Exactly the lines from the one with "this 1600×900 image." through the final line of the listing below should appear in the answer, and no others.

▶ **Data for the task**
*-*-*

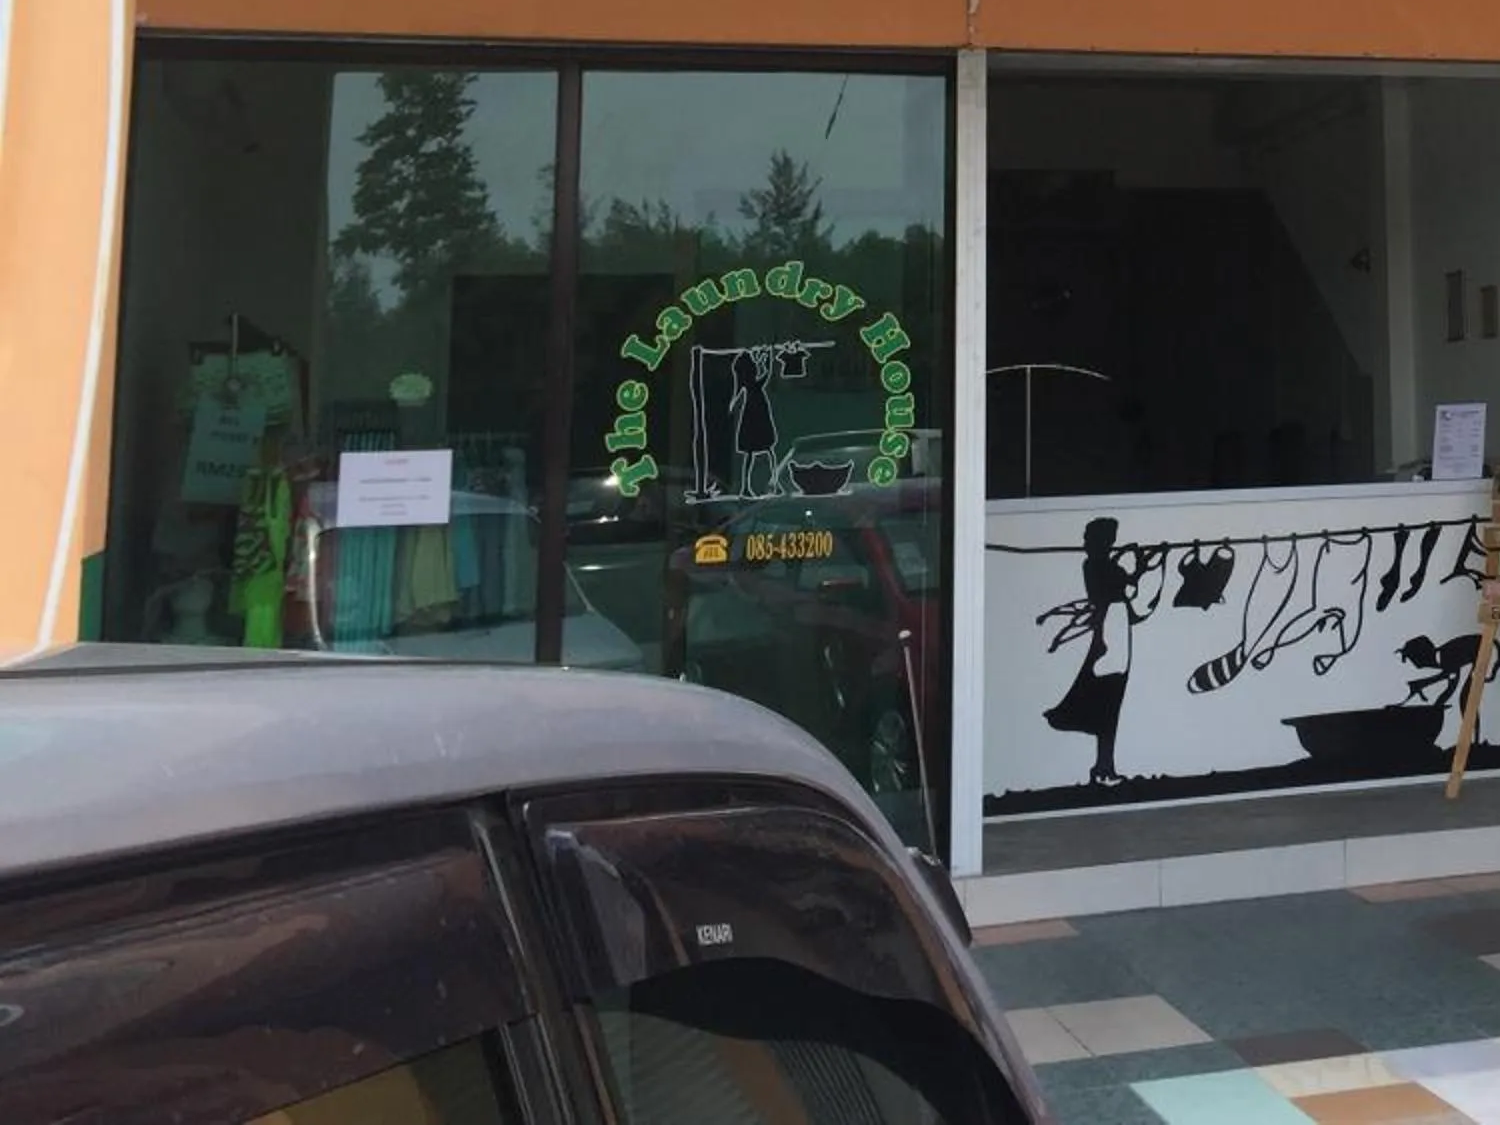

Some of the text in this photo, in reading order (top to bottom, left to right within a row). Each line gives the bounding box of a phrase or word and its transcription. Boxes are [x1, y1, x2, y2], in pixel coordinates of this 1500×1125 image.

[605, 260, 915, 498] The Laundry House
[745, 530, 834, 561] 085-433200
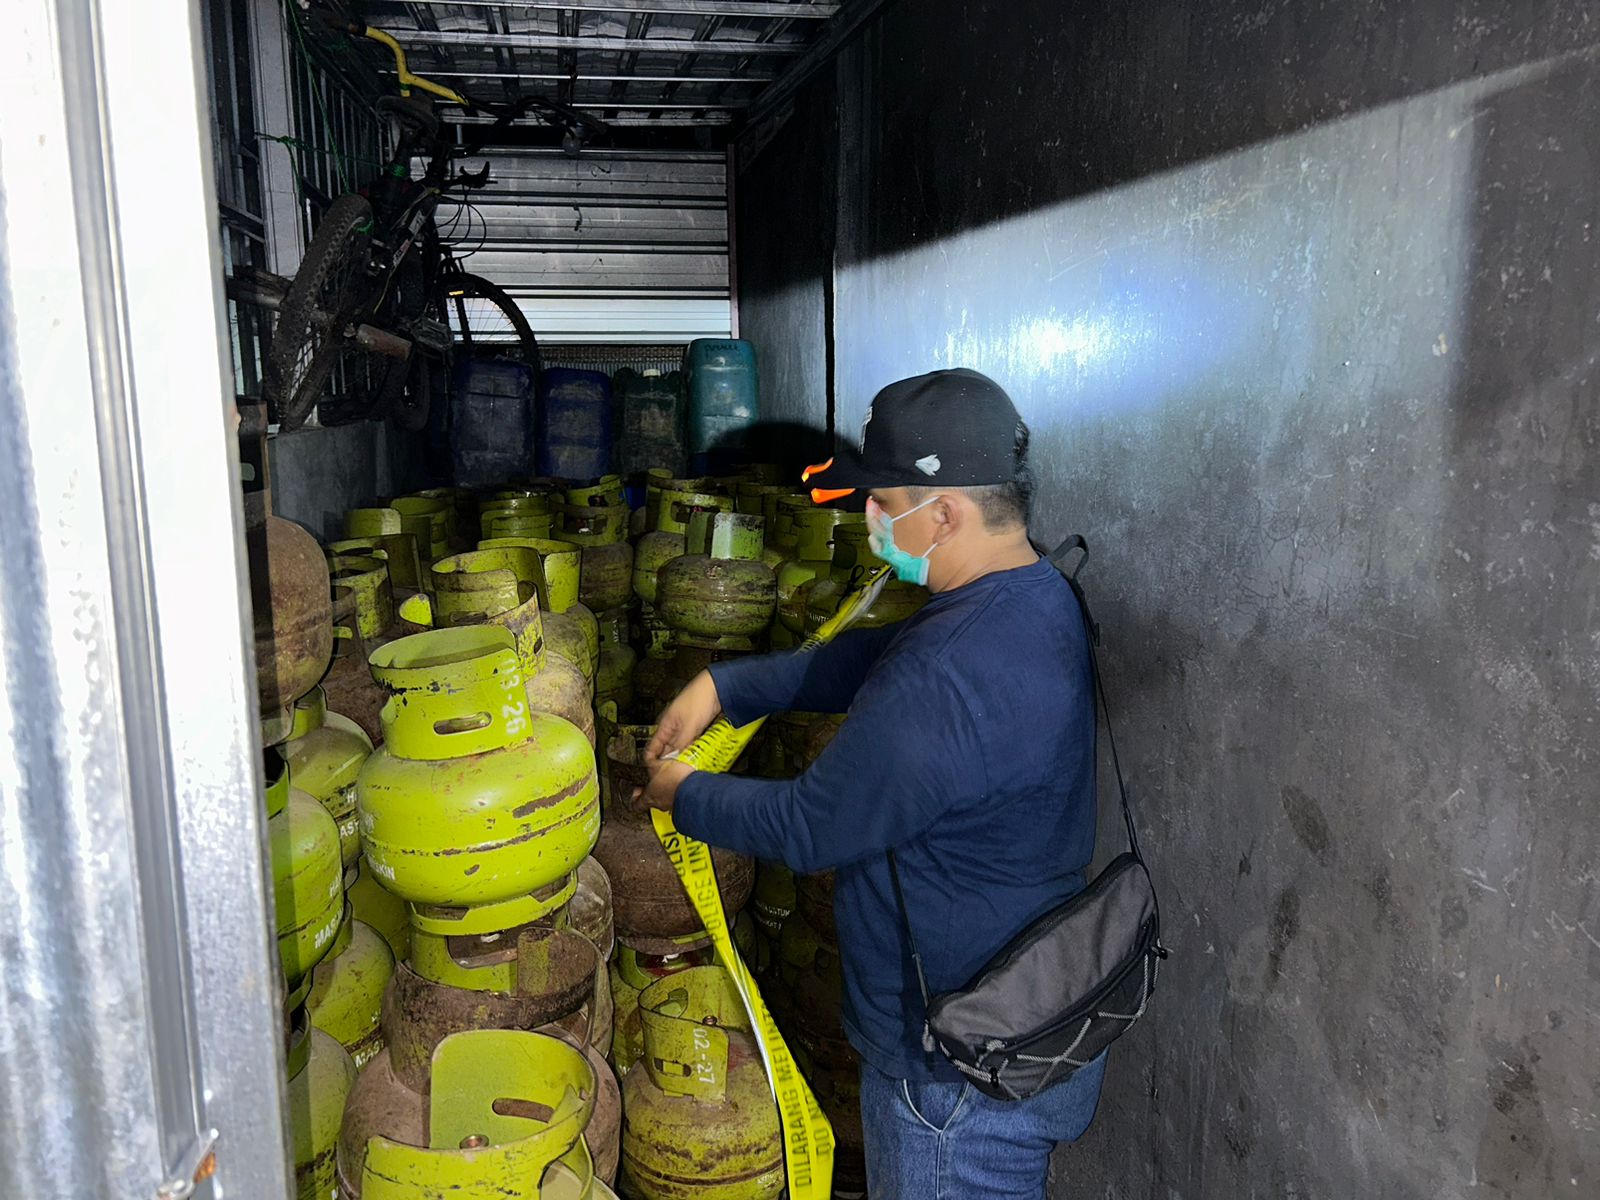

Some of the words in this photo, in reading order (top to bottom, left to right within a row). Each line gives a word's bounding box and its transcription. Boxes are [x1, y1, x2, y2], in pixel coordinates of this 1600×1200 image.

[696, 878, 724, 941] POLICE
[693, 1028, 715, 1084] 02-27
[782, 1089, 812, 1188] DILARANG
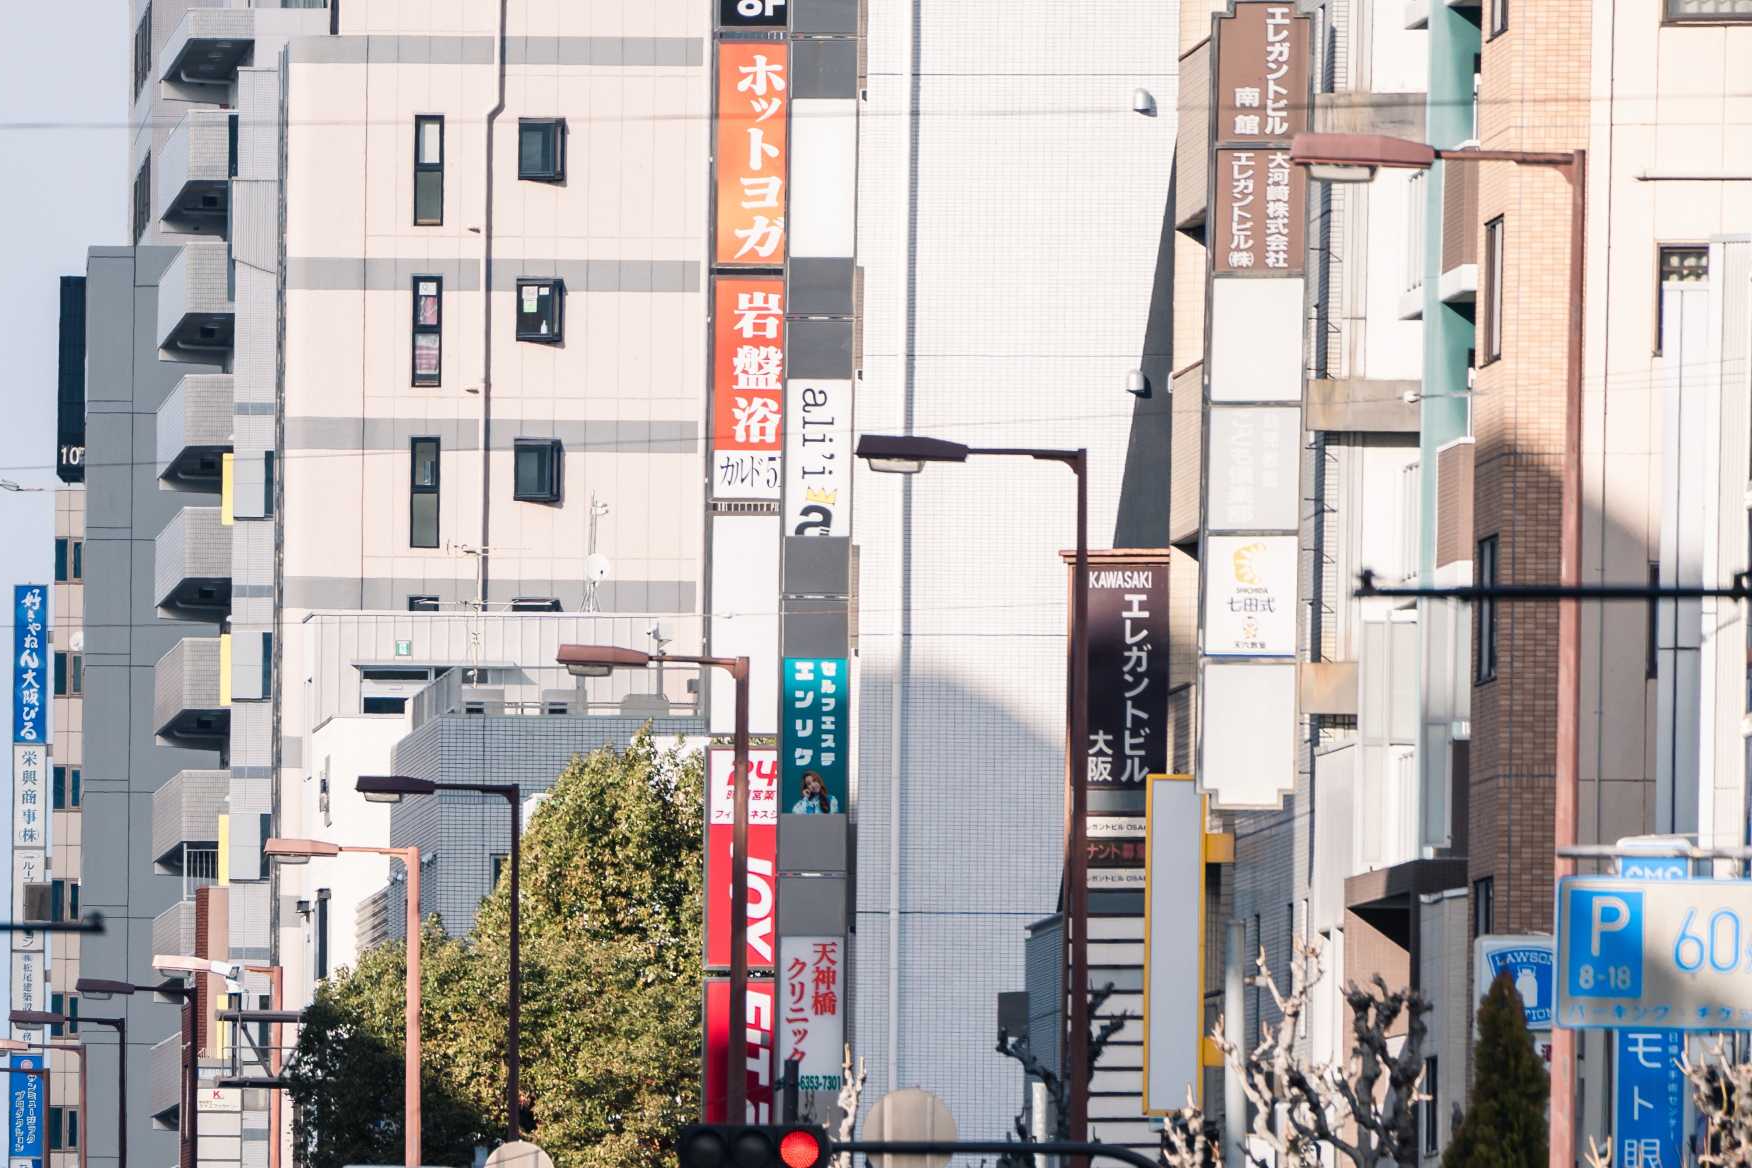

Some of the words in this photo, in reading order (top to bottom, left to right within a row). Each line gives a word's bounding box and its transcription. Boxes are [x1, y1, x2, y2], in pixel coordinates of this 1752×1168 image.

[1264, 7, 1290, 135] エレガントビル
[1233, 87, 1260, 135] 南館
[734, 54, 785, 259] ホットヨガ
[732, 292, 782, 443] 岩盤浴
[720, 455, 762, 488] カルド
[766, 457, 782, 489] 5
[1089, 571, 1152, 589] KAWASAKI
[1228, 598, 1276, 613] 七田式
[20, 589, 42, 741] 好きやねん大阪びる
[1120, 593, 1152, 783] エレガントビル
[794, 661, 814, 766] エンリケ
[820, 661, 837, 766] セルフエステ
[1087, 730, 1114, 781] 大阪
[1591, 895, 1631, 957] P
[1674, 906, 1752, 973] 60
[786, 957, 808, 1062] クリニック
[812, 941, 837, 1016] 天神橋
[1578, 963, 1631, 991] 8-18
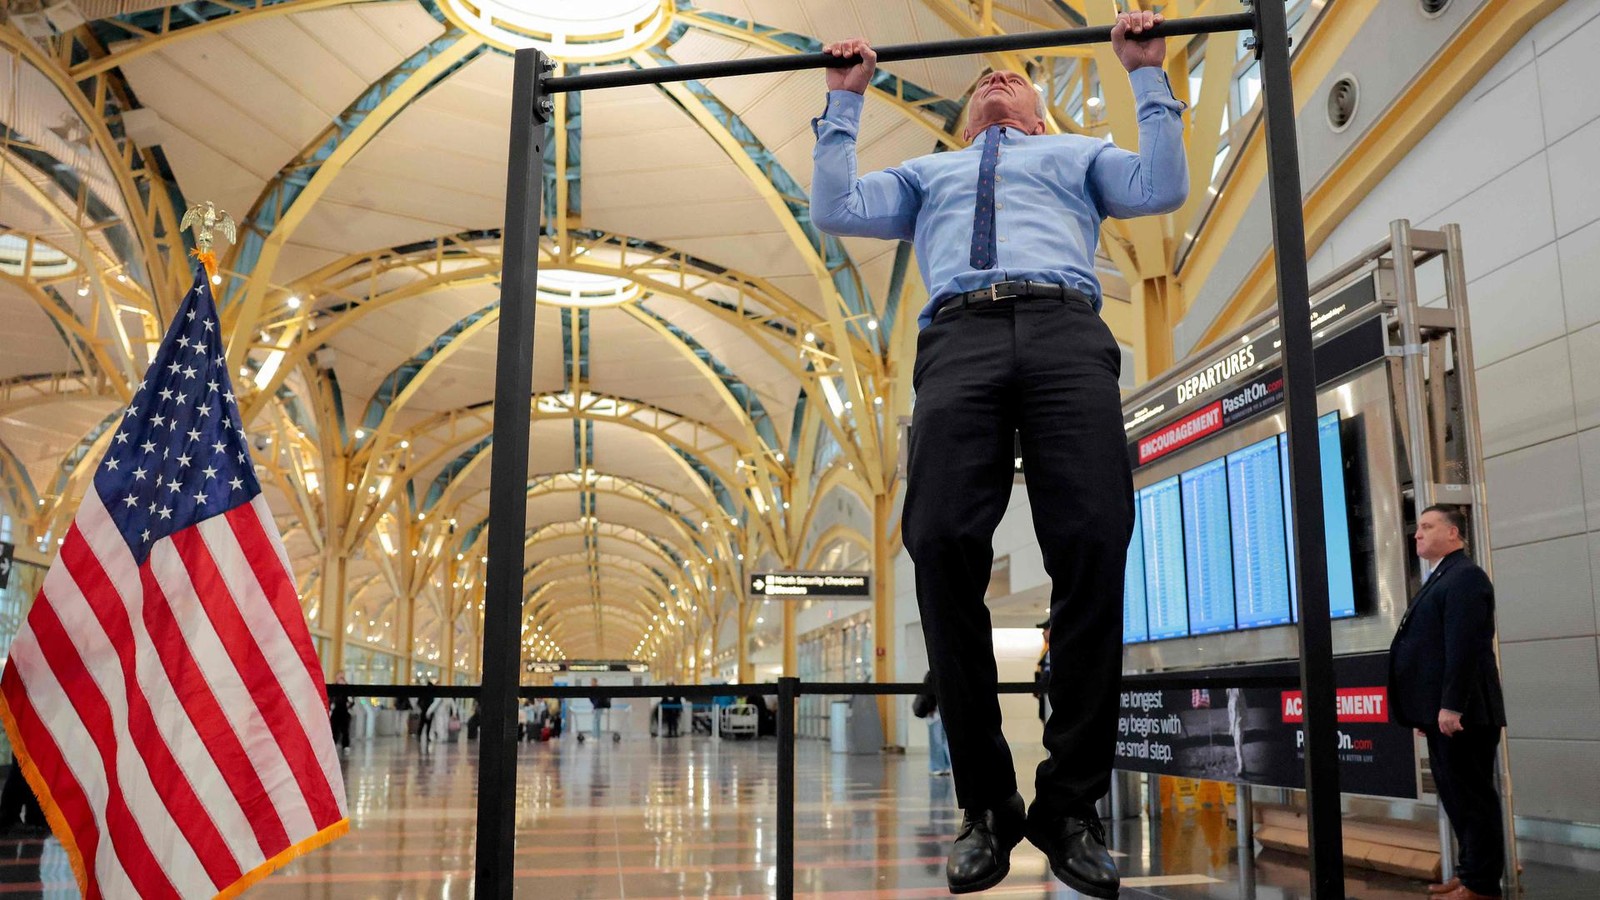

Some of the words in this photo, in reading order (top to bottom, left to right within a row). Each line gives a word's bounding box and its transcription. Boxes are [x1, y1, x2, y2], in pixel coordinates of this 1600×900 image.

[1177, 345, 1255, 404] DEPARTURES
[1222, 378, 1284, 415] PassItOn.com
[1140, 409, 1220, 458] ENCOURAGEMENT
[796, 575, 824, 587] Security
[824, 576, 864, 587] Checkpoint
[1130, 690, 1163, 712] longest
[1130, 714, 1160, 737] begins
[1160, 713, 1181, 734] with
[1126, 740, 1149, 758] small
[1150, 741, 1173, 764] step.

*-*-*

▶ **Answer space**
Some of the words in this photo, in reading order (top to bottom, left to right within a row). Each line gives a word's bounding box and its transcription. Boxes are [x1, y1, x2, y2], in pixel coordinates of this 1600×900 image.

[1177, 345, 1255, 404] DEPARTURES
[1222, 378, 1284, 415] PassItOn.com
[1140, 409, 1220, 458] ENCOURAGEMENT
[796, 575, 824, 587] Security
[824, 576, 864, 587] Checkpoint
[1130, 690, 1163, 712] longest
[1130, 714, 1160, 737] begins
[1160, 713, 1181, 734] with
[1126, 740, 1149, 758] small
[1150, 741, 1173, 764] step.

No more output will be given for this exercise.